Nos Estados Unidos e no Brasil, grupos anti-ciência que já atacavam modelos climáticos agora estão distorcendo dados para desqualificar pesquisas sobre a pandemia.

Por Bruno Carbinatto Atualizado em 23 abr 2020, 16h01 - Publicado em 15 abr 2020, 18h10

Em meio a pandemia de coronavírus, grupos negacionistas das mudanças climáticas vêm encontrando um novo alvo para desmerecer a ciência: as pesquisas sobre a progressão da doença. Nos Estados Unidos, na Europa e também no Brasil, políticos e ativistas anti-ciência estão distorcendo dados e criando narrativas falsas para tentar desqualificar os modelos do coronavírus – e, por tabela, os modelos climáticos também.

Nos Estados Unidos, um grupo de políticos conservadores chegou a solicitar uma audiência pública na Câmara dos Deputados para discutir os modelos de previsão usados pelo governo do país. Eles argumentam que os modelos estavam exagerando o número de mortes possíveis no país em relação ao observado. 

Acontece que os negacionistas não colocam na conta as intervenções humanas feitas exatamente para evitar os piores cenários – a principal delas é o isolamento social. Antes dos Estados Unidos entrarem em quarentena, os modelos mais usados previam mais de 100 mil mortes no país; agora, esse número já caiu para 60 mil, devido às medidas para mitigar a disseminação da doença. Até o dia 15 de abril, os EUA já somavam mais de 24 mil mortes. Ou seja, os modelos existem justamente para oferecer dados para as autoridades sobre o que poderia ser o cenário caso nada fosse feito.

“Os modelos são tão bons quanto as suposições que inserimos neles, e à medida que obtemos mais dado e os adicionamos, o modelo pode mudar”, explicou, em coletiva de imprensa, Anthony Fauci, imunologista que lidera a resposta do país à pandemia no governo Donald Trump. 

  • Em terras americanas, há ligações entre grupos negacionistas climáticos com os críticos aos cientistas que modelam a pandemia, como relatou o portal E&E News, especializado em cobrir clima. O líder da CO2 Coalition, Patrick Moore, chegou a dizer em seu Twitter que “os modelos computacionais para o coronavírus são tão precisos quanto os modelos que falharam tão miseravelmente em prever o aquecimento global”. A CO2 Coalition é uma organização sem fins lucrativos que advoga, sem base científica, que maiores emissões de gases de efeito estufa não causam o aquecimento do planeta – pelo contrário, elas seriam benéficas para a Terra, segundo a ONG.

    Além de distorcer as informações sobre os modelos do coronavírus, Moore também erra feio sobre os modelos climáticos. Como já mostramos na SUPER, revisões recentes de modelos sobre aquecimento global das últimas décadas mostram que eles vêm acertando bem mais do que errando. Tentar desqualificar os modelos sobe Covid-19 com base na taxa de acertos dos modelos climáticos, então, não é uma boa ideia.

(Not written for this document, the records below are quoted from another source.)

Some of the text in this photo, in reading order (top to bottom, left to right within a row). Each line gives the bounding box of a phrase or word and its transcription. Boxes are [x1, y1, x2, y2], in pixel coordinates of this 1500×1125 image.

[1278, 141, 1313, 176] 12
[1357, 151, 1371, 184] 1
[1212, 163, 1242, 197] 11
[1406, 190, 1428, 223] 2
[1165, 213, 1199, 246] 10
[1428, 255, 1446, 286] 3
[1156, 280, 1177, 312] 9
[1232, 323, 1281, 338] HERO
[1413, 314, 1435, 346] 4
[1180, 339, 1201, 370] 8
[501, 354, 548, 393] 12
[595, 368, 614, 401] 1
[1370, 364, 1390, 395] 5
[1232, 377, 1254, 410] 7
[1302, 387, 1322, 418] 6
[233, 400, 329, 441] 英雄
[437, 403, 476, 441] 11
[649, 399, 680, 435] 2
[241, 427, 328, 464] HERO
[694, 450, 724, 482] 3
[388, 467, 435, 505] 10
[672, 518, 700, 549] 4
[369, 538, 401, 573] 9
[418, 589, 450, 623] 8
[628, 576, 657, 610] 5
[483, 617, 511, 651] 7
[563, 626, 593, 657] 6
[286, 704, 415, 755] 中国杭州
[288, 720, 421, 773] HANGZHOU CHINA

    O portal Desmog, especializado em desmentir fake news sobre as mudanças climáticas, também compilou uma série de ligações entre organizações negacionistas do clima com campanhas de desinformação sobre o coronavírus, que vão desde teorias da conspiração, notícias falsas sobre tratamentos e medidas de prevenção, desqualificação de trabalhos científicos e minimização do problema. No começo da pandemia, por exemplo, o American Council on Science and Health (ACSH), outro grupo negacionista das mudanças climáticas, chegou a dizer que o vírus seria menos danoso do que a gripe e que não iria longe. 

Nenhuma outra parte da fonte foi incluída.